Directions. Without including any pictures, write out the data below exactly.

Information supplied.
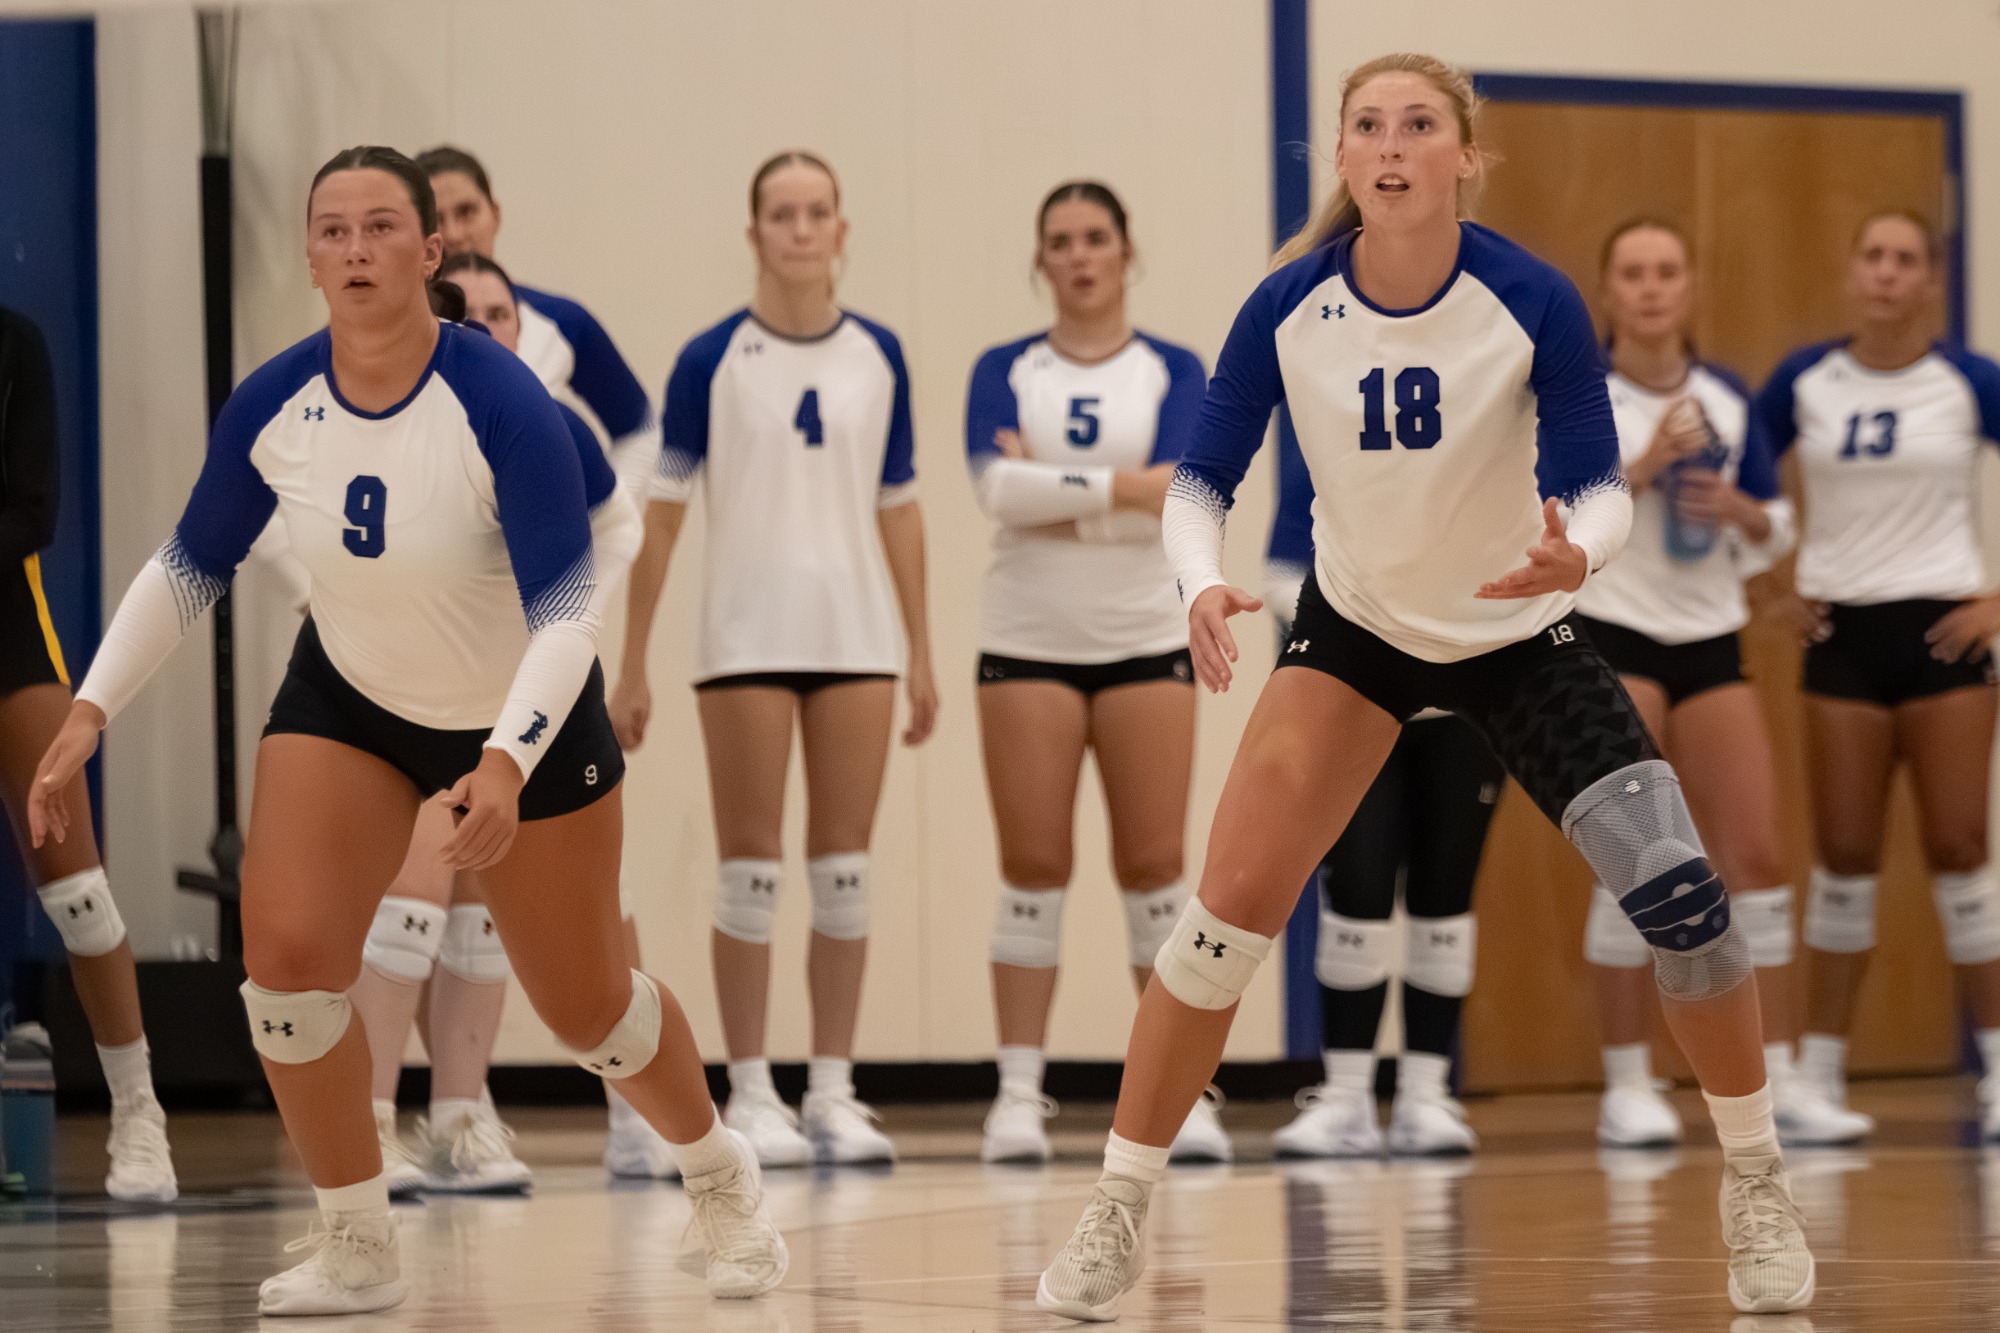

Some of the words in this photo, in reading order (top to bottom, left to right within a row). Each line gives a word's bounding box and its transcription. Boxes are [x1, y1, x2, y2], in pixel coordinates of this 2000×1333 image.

[794, 388, 823, 446] 4
[1067, 397, 1099, 448] 5
[1359, 366, 1442, 450] 18
[1839, 410, 1897, 460] 13
[342, 474, 387, 558] 9
[1548, 624, 1575, 646] 18
[585, 764, 598, 786] 9

Task answer.
Some of the words in this photo, in reading order (top to bottom, left to right within a row). Each line gives a word's bounding box and its transcription. Boxes are [x1, y1, x2, y2], in pixel coordinates of this 2000×1333 image.

[794, 388, 823, 446] 4
[1067, 397, 1099, 448] 5
[1359, 366, 1442, 450] 18
[1839, 410, 1897, 460] 13
[342, 474, 387, 558] 9
[1548, 624, 1575, 646] 18
[585, 764, 598, 786] 9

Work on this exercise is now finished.